**About this task**
The text of every record, exactly as given and with no pictures, should be your output.

Segment Start: Information given

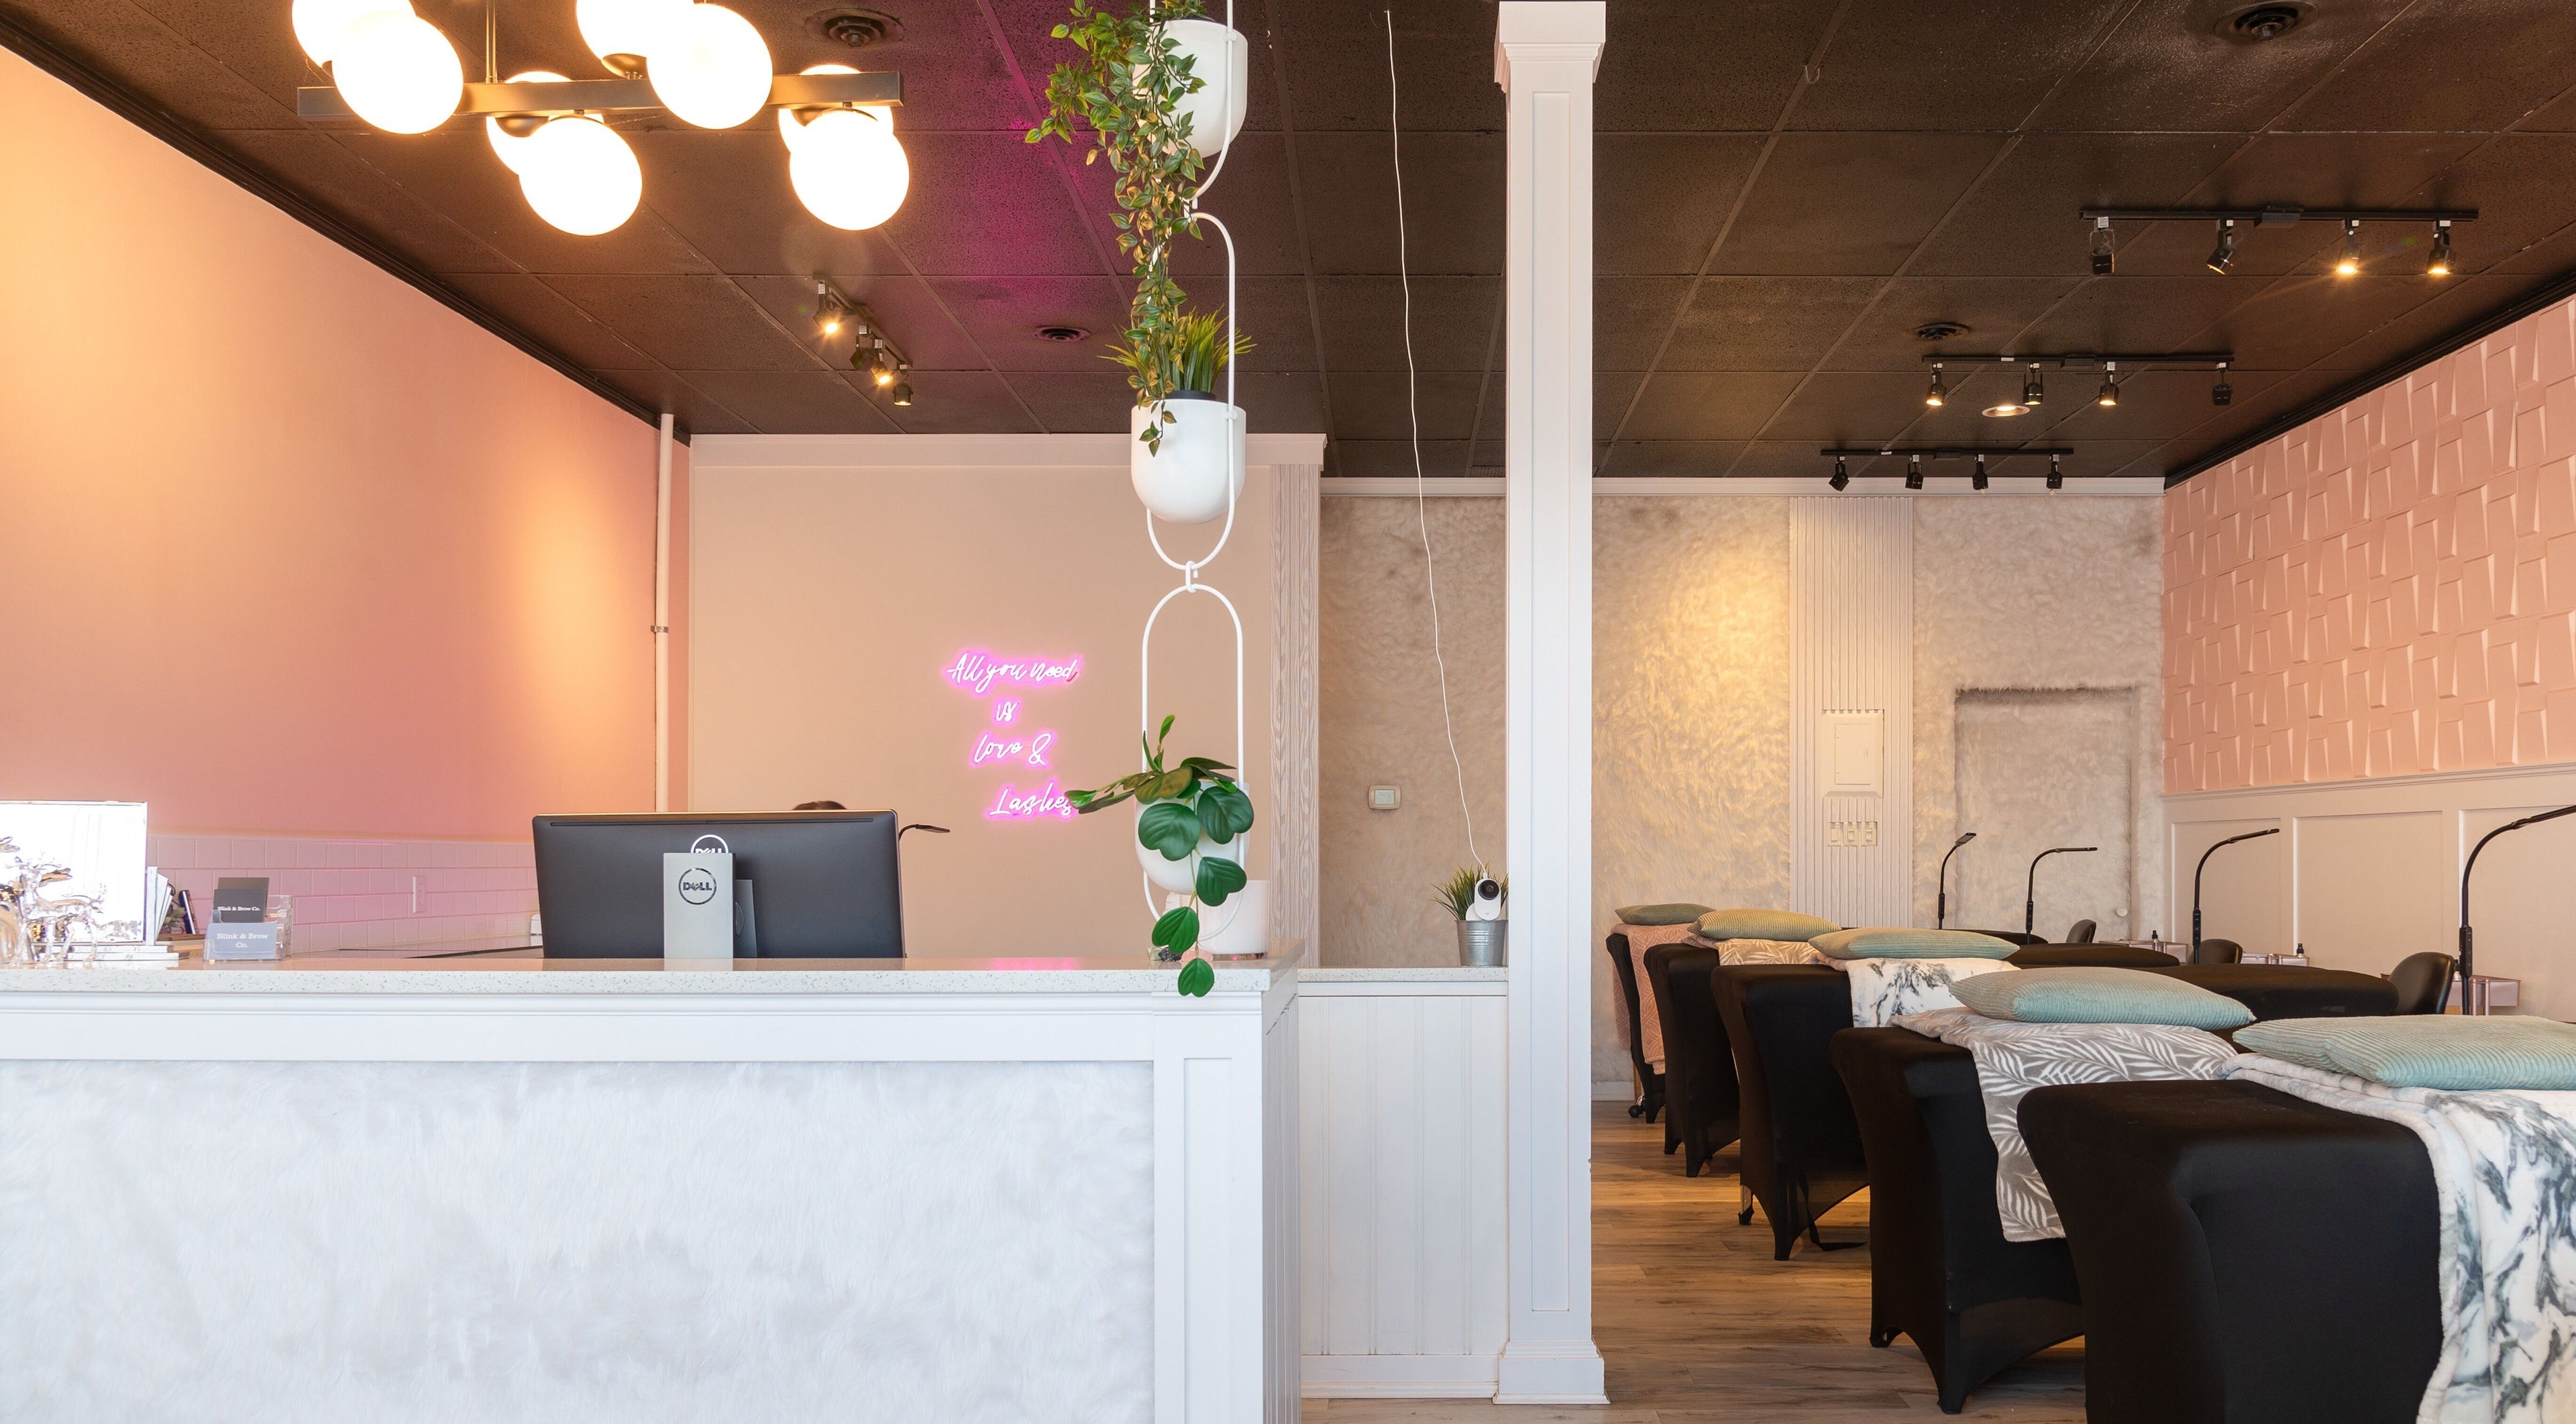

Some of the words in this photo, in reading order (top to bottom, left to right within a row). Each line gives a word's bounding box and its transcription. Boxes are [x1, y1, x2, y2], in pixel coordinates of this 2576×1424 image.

[947, 652, 984, 684] All
[975, 662, 1028, 694] you
[995, 701, 1020, 722] is
[973, 734, 1024, 763] love
[1028, 732, 1053, 766] &
[989, 782, 1072, 817] Lashes
[683, 882, 712, 891] DELL
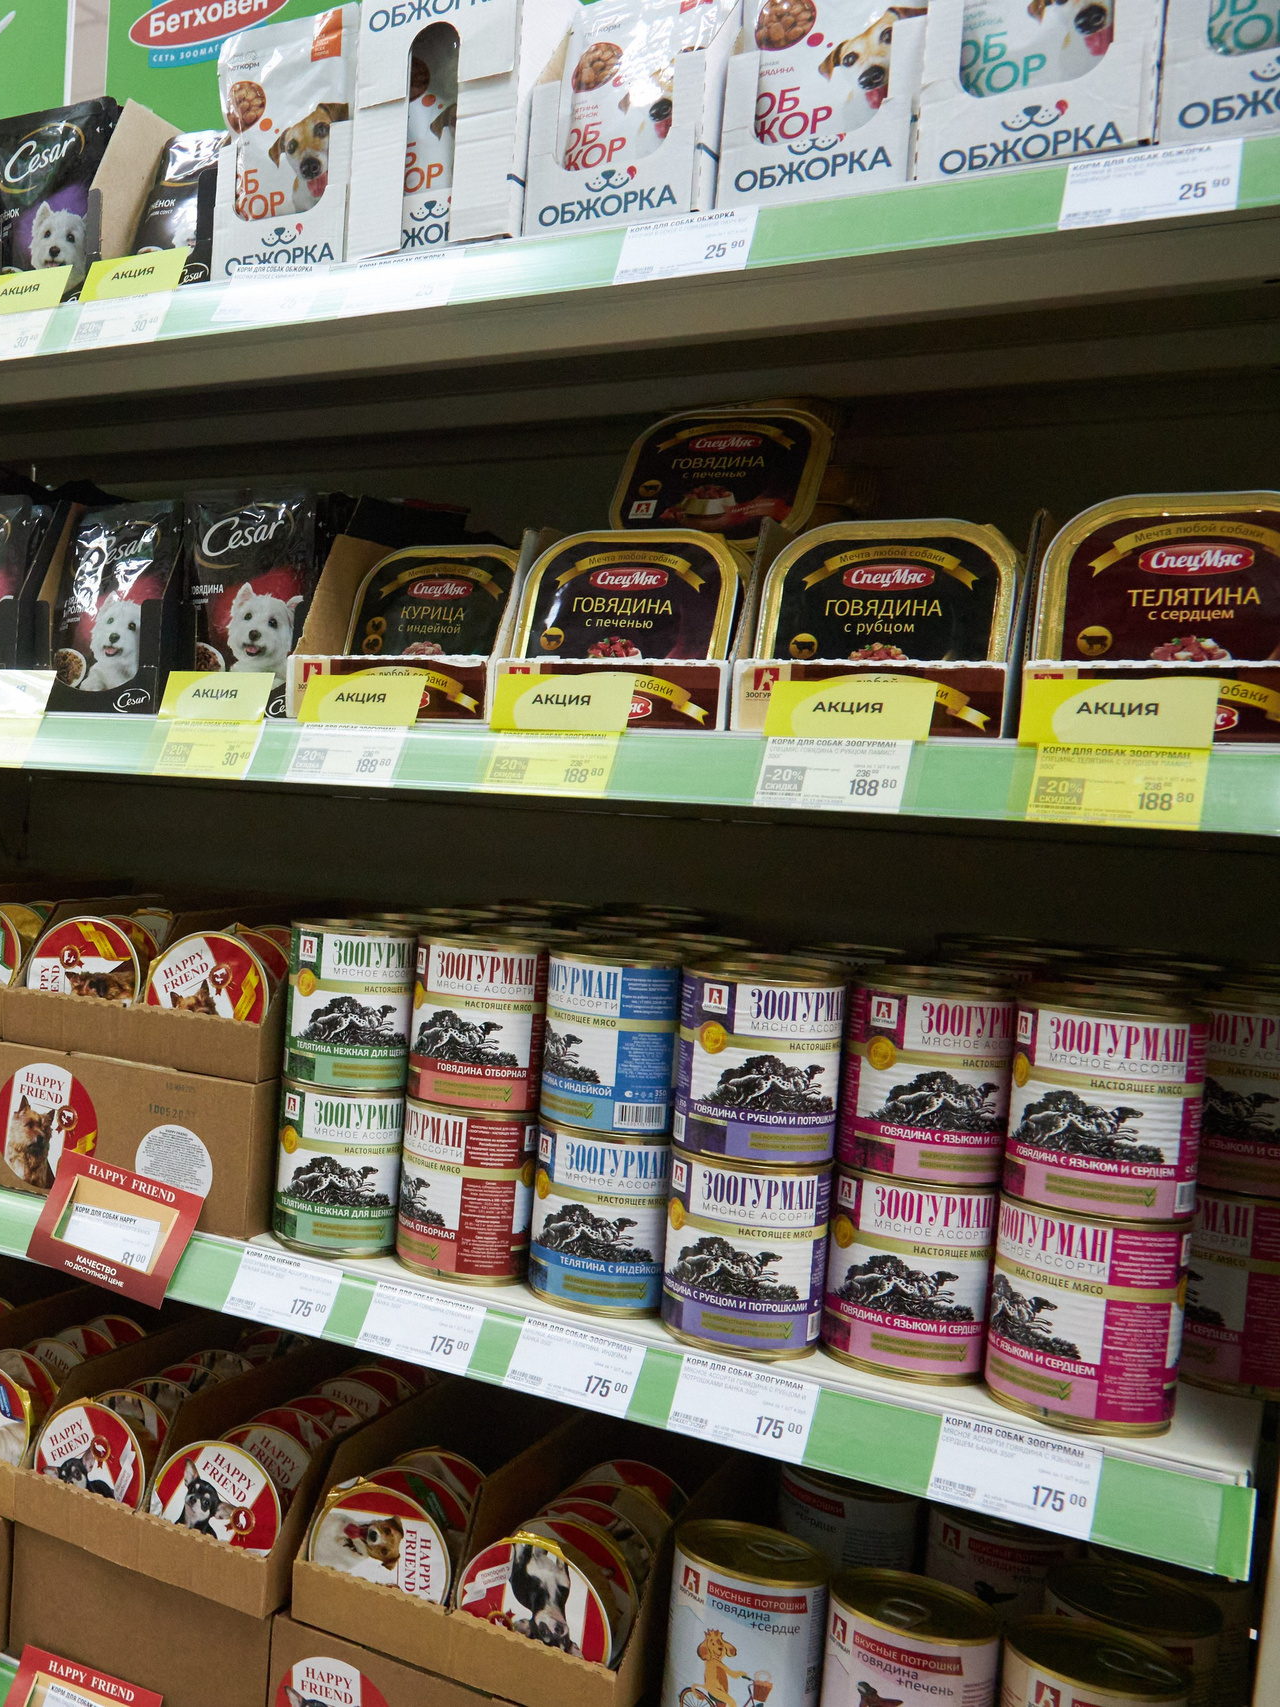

Segment End: Information given

**Completed task**
Some of the words in this photo, in reading order (top to bottom, left to right within a row). Each line gives a word's bounding box and its transcription. Boxes are [x1, y1, x2, y2], in pixel coordinates of this 2576×1424 image.

[947, 652, 984, 684] All
[975, 662, 1028, 694] you
[995, 701, 1020, 722] is
[973, 734, 1024, 763] love
[1028, 732, 1053, 766] &
[989, 782, 1072, 817] Lashes
[683, 882, 712, 891] DELL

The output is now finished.